A grande maioria das apólices de seguro de saúde nos Estados Unidos hoje são da variedade de managed care . Estes produtos de trabalho em uma plataforma de rede que consiste em grupos de pré - definidas de os médicos e os meios através dos quais o tratamento médico é fornecido . Médicos se inscrever para participar com as companhias de seguros e tornar-se parte dessas redes, e os preços pagos por seus serviços são negociados e acordados com antecedência. Os consumidores segurados por planos de autogestão , como planos de saúde e OPP , recebem tratamento de provedores em rede a um custo menor do que os mesmos serviços de prestadores não participantes . Algumas políticas , como planos de saúde , limitar o pagamento dos créditos a apenas aqueles de médicos participantes, limitando assim os consumidores que procuram tratamento fora da rede. Outros tipos de políticas, como OPP , ainda pagar reivindicações de não participantes médicos, mas a uma taxa muito menor do que para serviços em rede.
Dedutíveis
Muitas políticas conter franquias , que servem para reduzir o custo mensal do consumidor , aumentando as despesas fora do bolso, se o tratamento é sempre realmente necessário.
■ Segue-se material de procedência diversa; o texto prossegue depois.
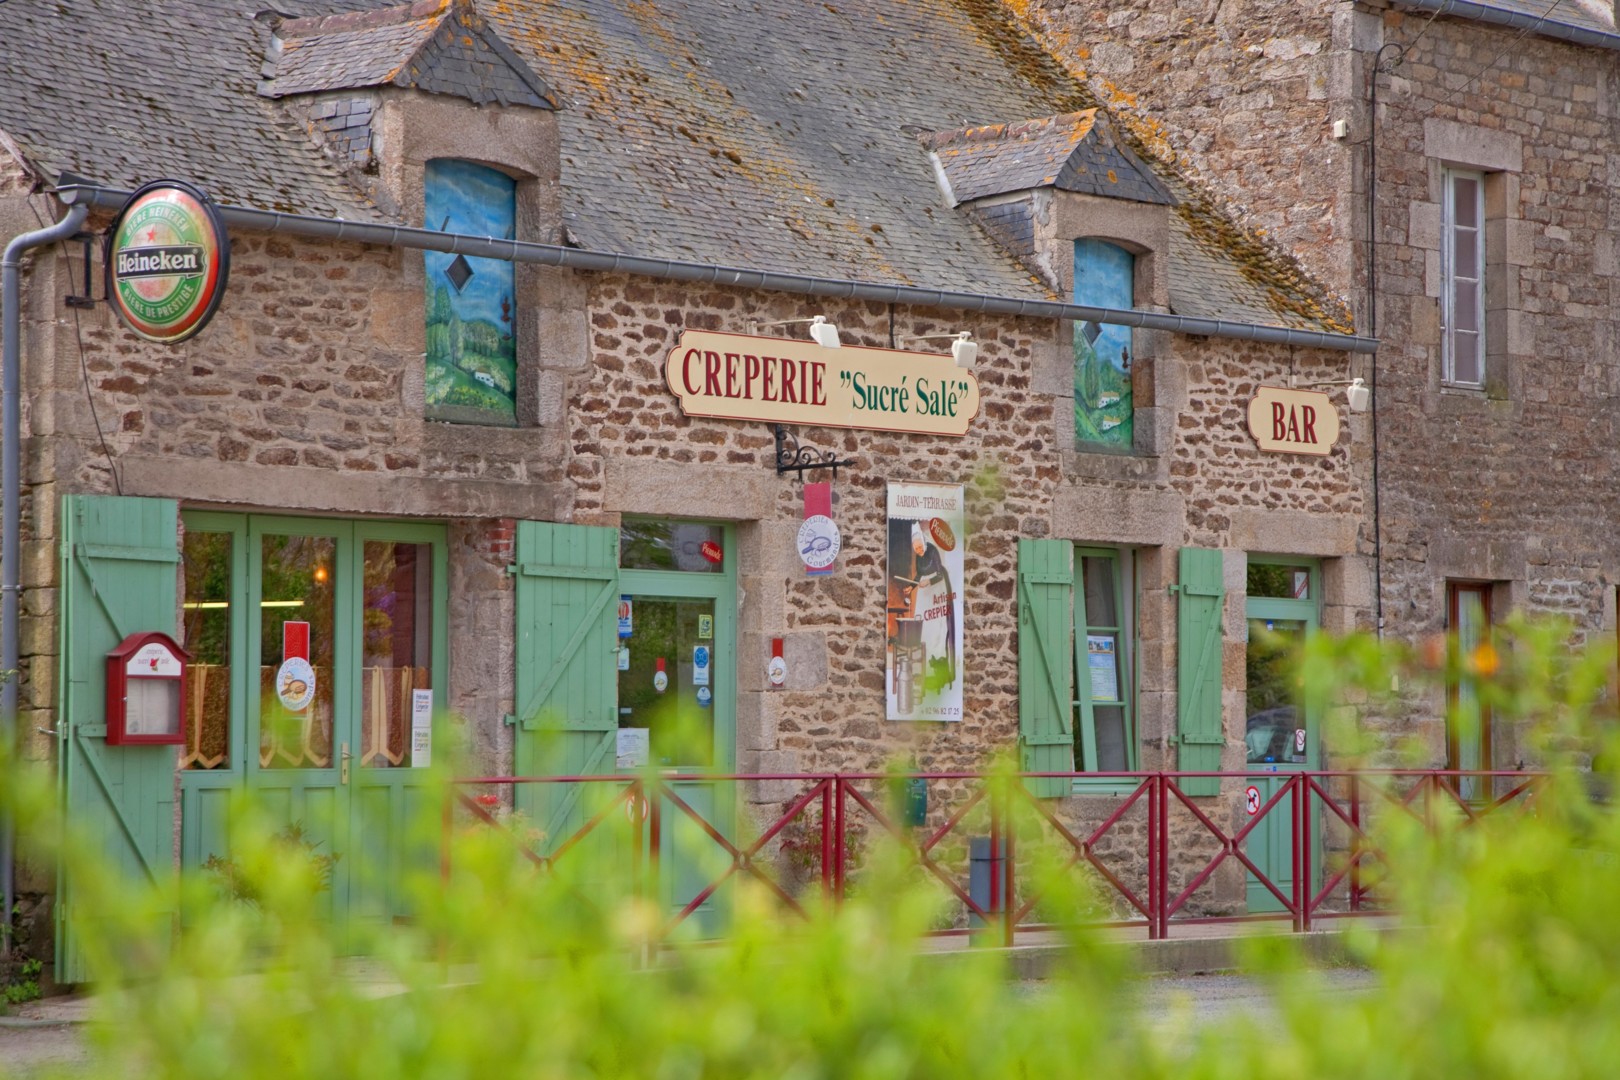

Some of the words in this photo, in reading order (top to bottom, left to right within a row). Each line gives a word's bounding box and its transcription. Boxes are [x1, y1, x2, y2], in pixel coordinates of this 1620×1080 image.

[150, 206, 190, 232] HEINEKEN
[118, 250, 197, 273] Heineken
[145, 307, 156, 318] DE
[158, 284, 194, 318] PRESTIGE
[682, 348, 828, 407] CREPERIE
[1271, 401, 1318, 444] BAR
[896, 494, 957, 511] JARDIN-TERRASSE
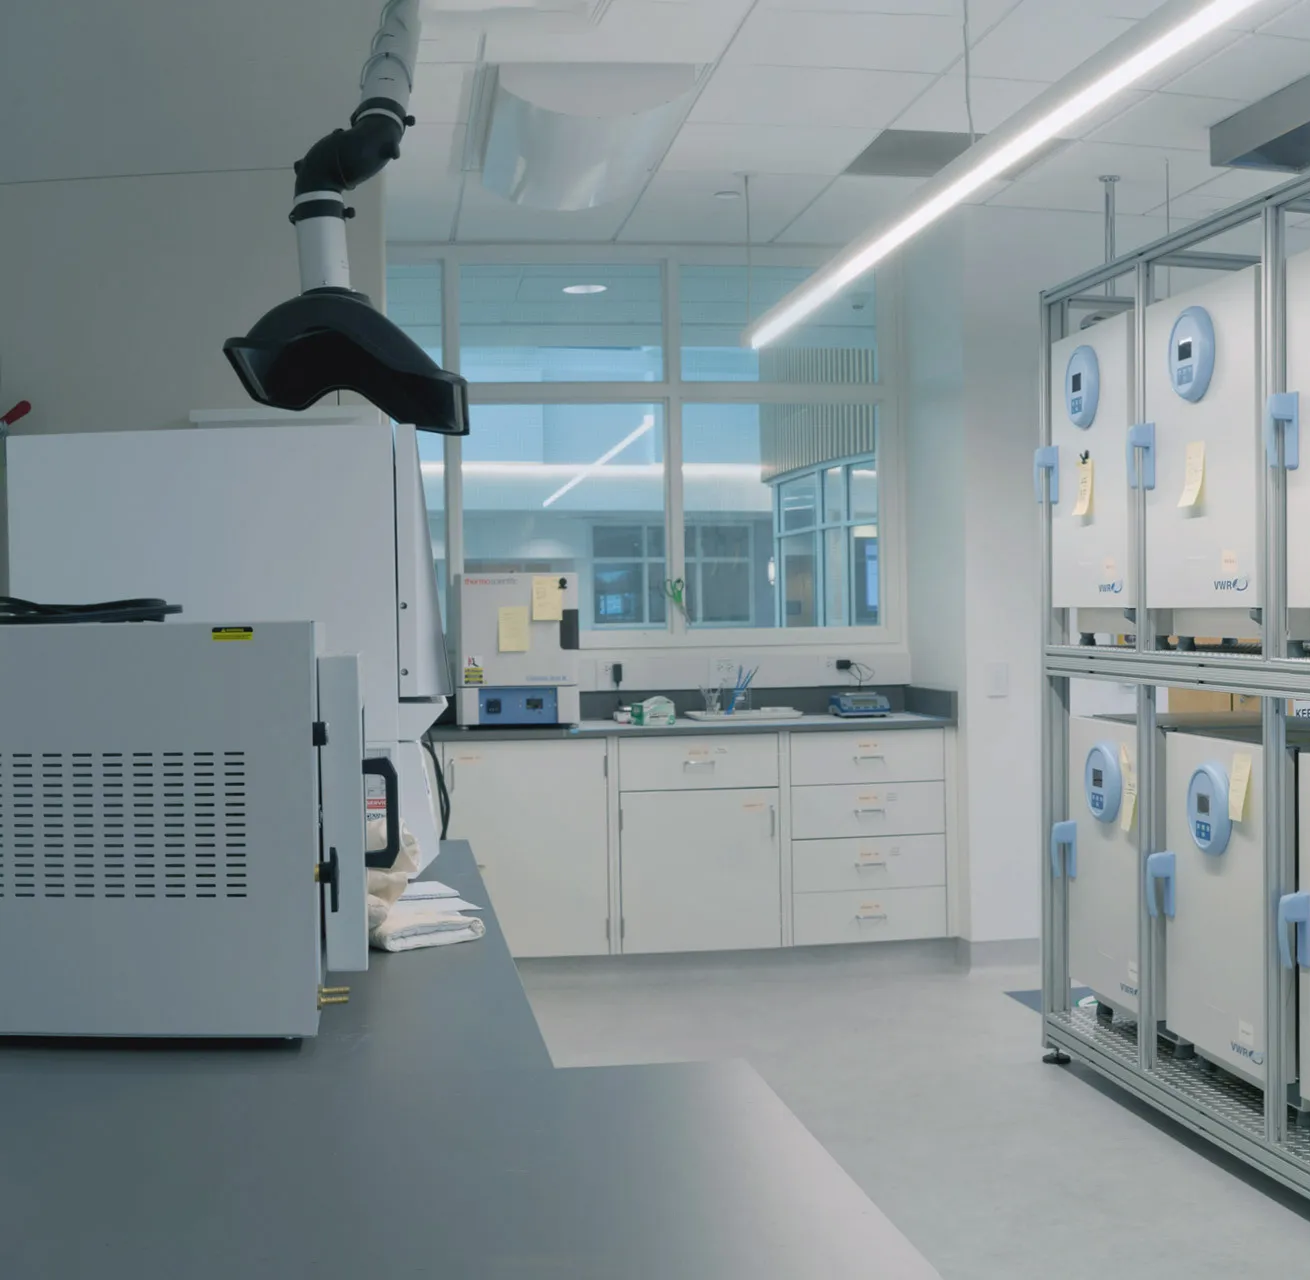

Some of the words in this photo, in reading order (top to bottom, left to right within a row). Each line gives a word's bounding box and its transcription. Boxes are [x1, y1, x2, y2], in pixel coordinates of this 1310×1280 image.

[1098, 583, 1112, 592] VWR
[1213, 580, 1233, 590] VWR
[1231, 1040, 1249, 1058] VWR
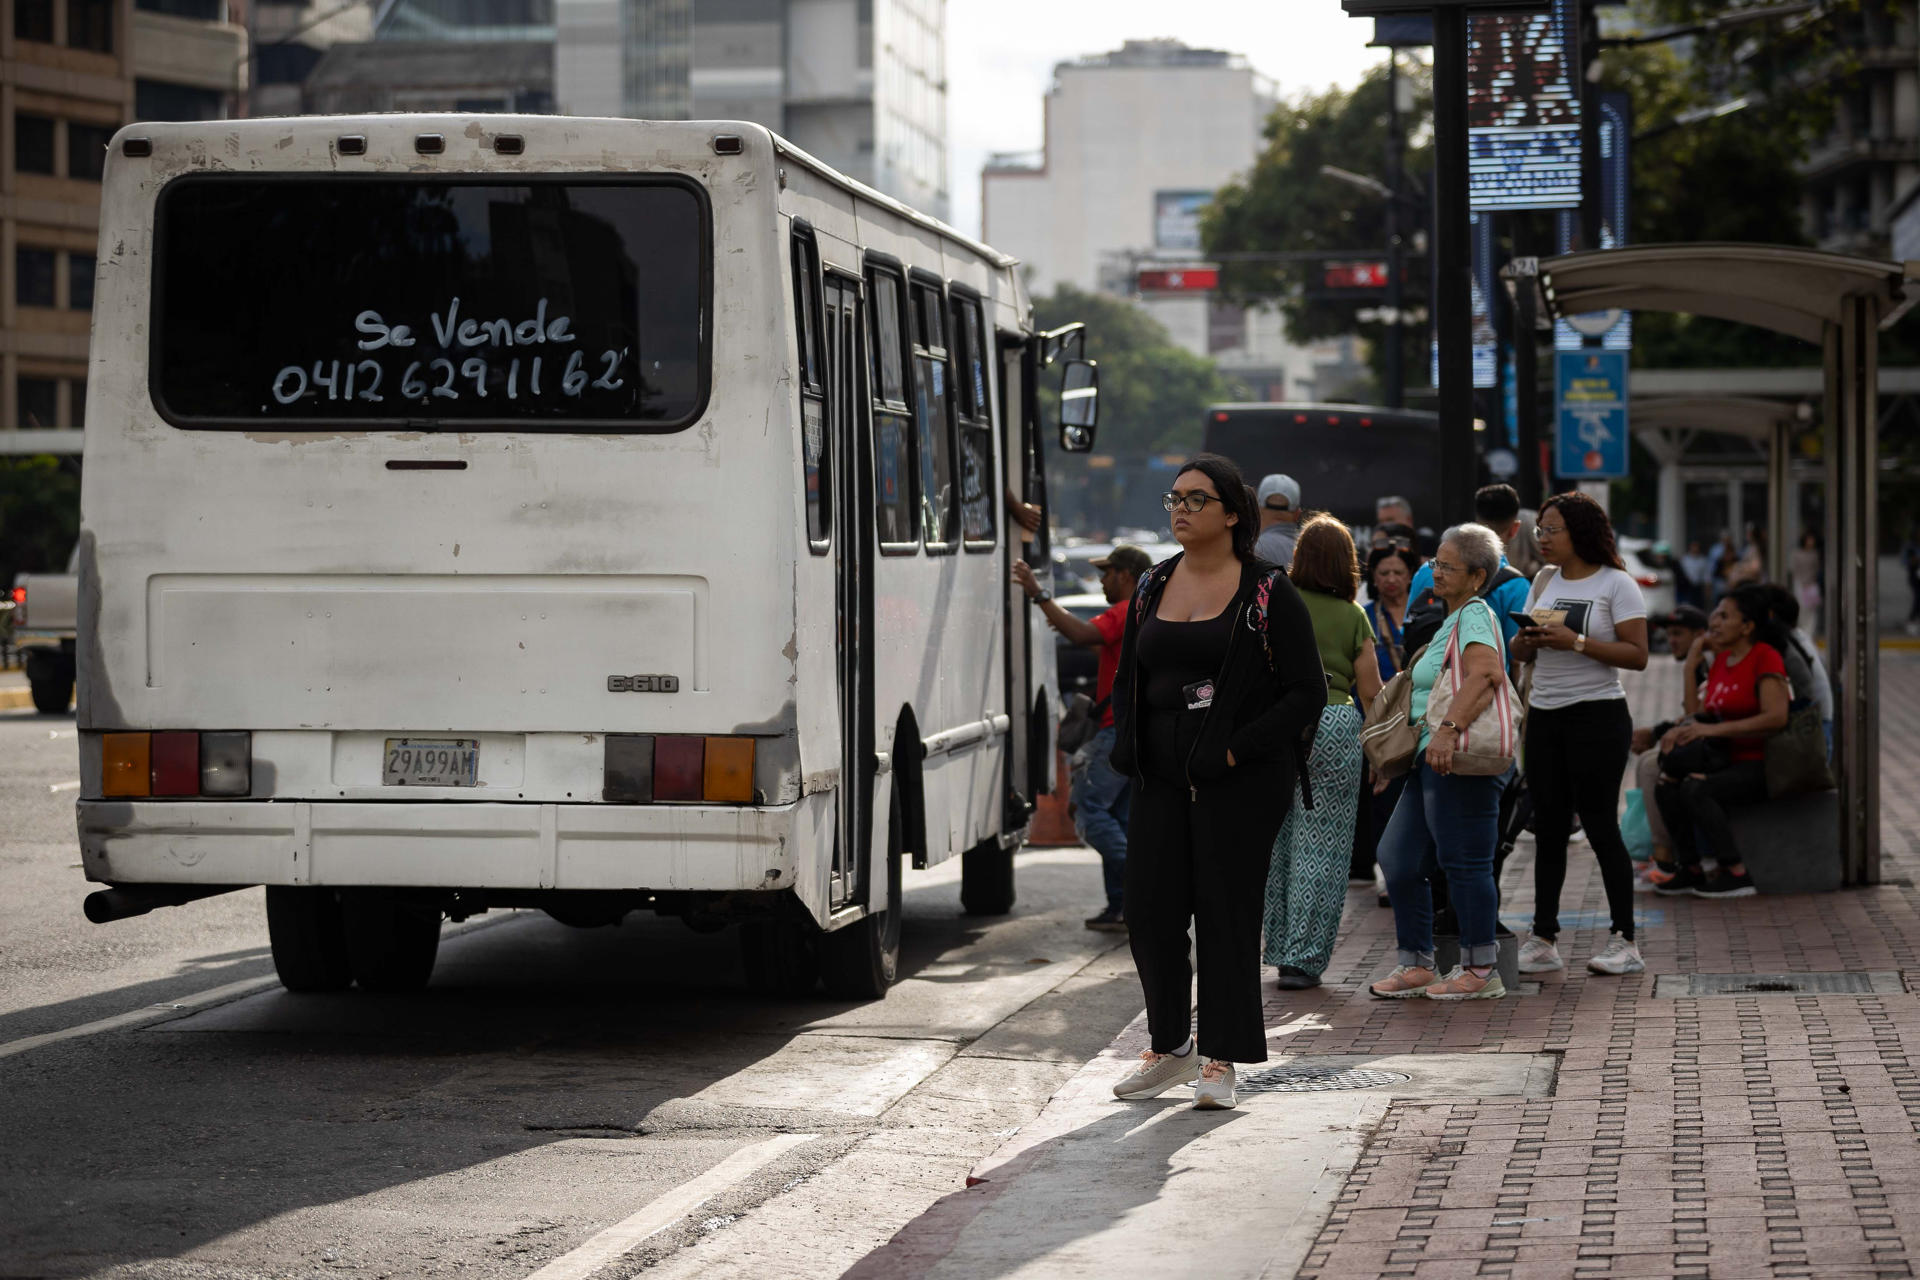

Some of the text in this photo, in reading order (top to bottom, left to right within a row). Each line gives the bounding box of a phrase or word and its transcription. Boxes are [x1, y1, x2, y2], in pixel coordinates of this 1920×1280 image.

[355, 297, 576, 350] Se Vende
[273, 359, 383, 404] 0412
[402, 358, 487, 399] 629
[563, 350, 624, 397] 62
[388, 750, 473, 775] 29A99AM
Franquias devem ser pagas na totalidade antes da companhia de seguros começa a pagar por qualquer parte dos custos do tratamento. Franquias comuns variam de US $ 1.000 a US $ 5.000 e continuar a aumentar à medida que a luta pela acessibilidade dos cuidados de saúde no país continua.
Copay
A co-pagamento é membros uma taxa nominal segurados pagar por cada visita a um médico. O restante do custo visita do escritório torna-se a responsabilidade da companhia de seguros . Copays comuns variam de US $ 10 a US $ 50, mas continuam a aumentar de forma constante. Não é raro hoje ver escritório visita copays de até US $ 150.
Coinsurance
A presença de co-seguro como um componente para planos de saúde continua a aumentar a cada ano . Co-seguro serve como um método de reduzir ainda mais o prémio mensal para uma política médica , aumentando as despesas fora do bolso para os membros cobertos. Após dedução do membro é cumprida , se houver , os custos de tratamento restantes estão divididos entre o paciente ea operadora de seguros . Os custos se dividido por percentagens , e não quantidades exatas de dólares. Divisões percentuais Coinsurance variam de 50 /50 a 90/10, com o membro a tornar-se responsável pela figura menor.
Máxima Out-of -Pocket
Considerando o potencial custo exorbitante dos principais serviços médicos , um único processo pode deixar o americano médio com contas médicas muito além de suas capacidades para nunca pagar. Por exemplo, o conceito de co-seguro , trabalhando em uma base percentual compartilhada , poderá resultar em pacientes segurados que deixam o hospital com dezenas de milhares de dólares em custos de tratamento. Para evitar a devastação financeira para os consumidores segurados , apólices de seguro saúde conter máxima fora do bolso, ou MOOP , figuras que a maioria absoluta representam os membros podem ser obrigados a pagar por seu tratamento médico durante o curso de um determinado ano a política . Figuras Moop normalmente variam de US $ 2.500 a US $ 10.000, mas são muitas vezes vistos a US $ 15.000. Se, durante o curso do ano a política , as despesas fora do bolso do membro igual ou superior a figura MOOP , todas as contas médicas posteriores se inteiramente a responsabilidade da companhia de seguros.